Required work ▸ Every entry that follows must be written out exactly, apart from its pictures.

Records from a data collection ▸
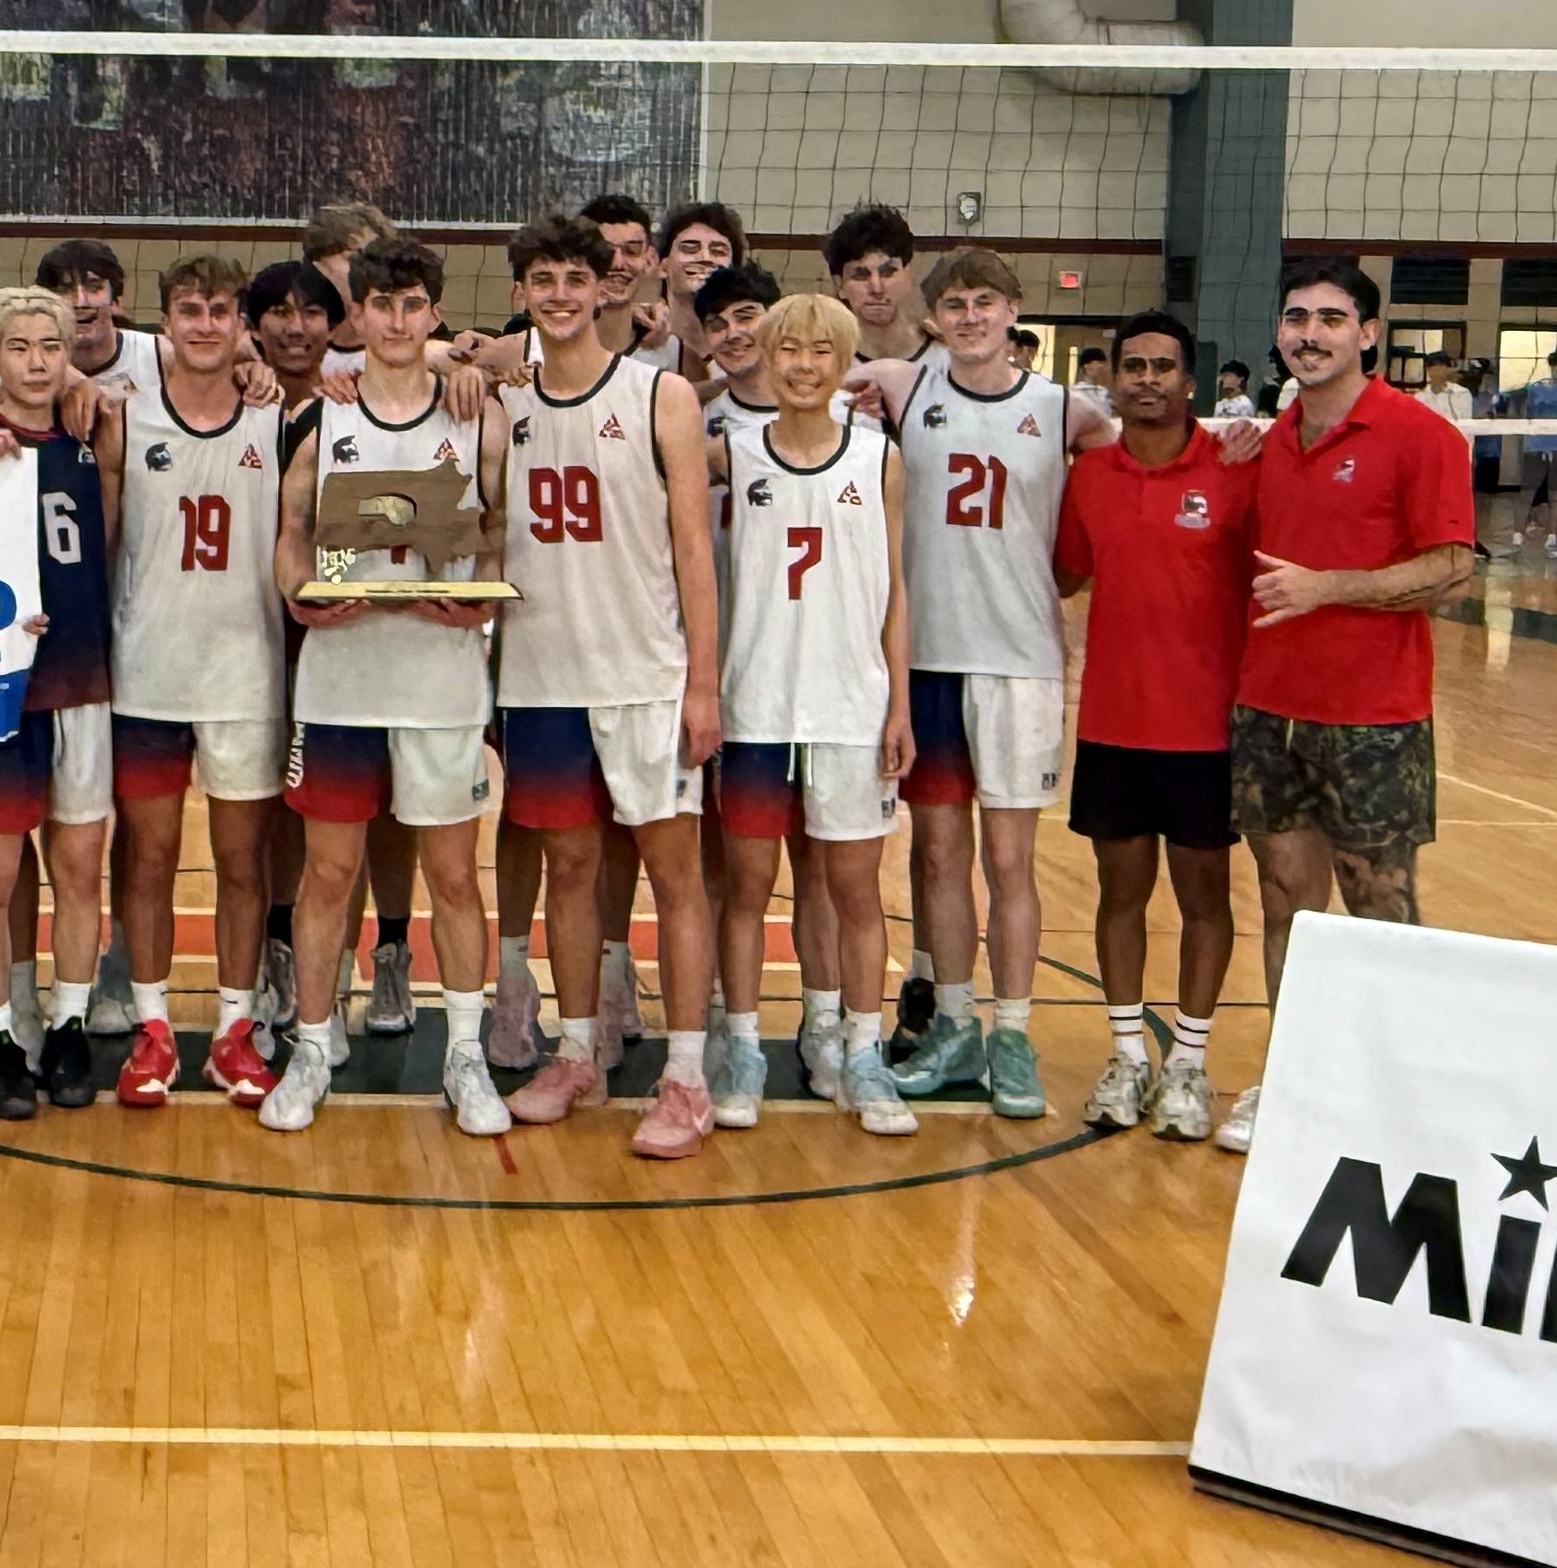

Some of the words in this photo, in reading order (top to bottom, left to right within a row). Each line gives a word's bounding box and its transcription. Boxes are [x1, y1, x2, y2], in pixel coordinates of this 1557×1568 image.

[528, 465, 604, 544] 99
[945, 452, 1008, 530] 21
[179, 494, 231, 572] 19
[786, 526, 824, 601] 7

Solution to this exercise ▸
Some of the words in this photo, in reading order (top to bottom, left to right within a row). Each line gives a word's bounding box and its transcription. Boxes are [x1, y1, x2, y2], in pixel coordinates of this 1557×1568 image.

[528, 465, 604, 544] 99
[945, 452, 1008, 530] 21
[179, 494, 231, 572] 19
[786, 526, 824, 601] 7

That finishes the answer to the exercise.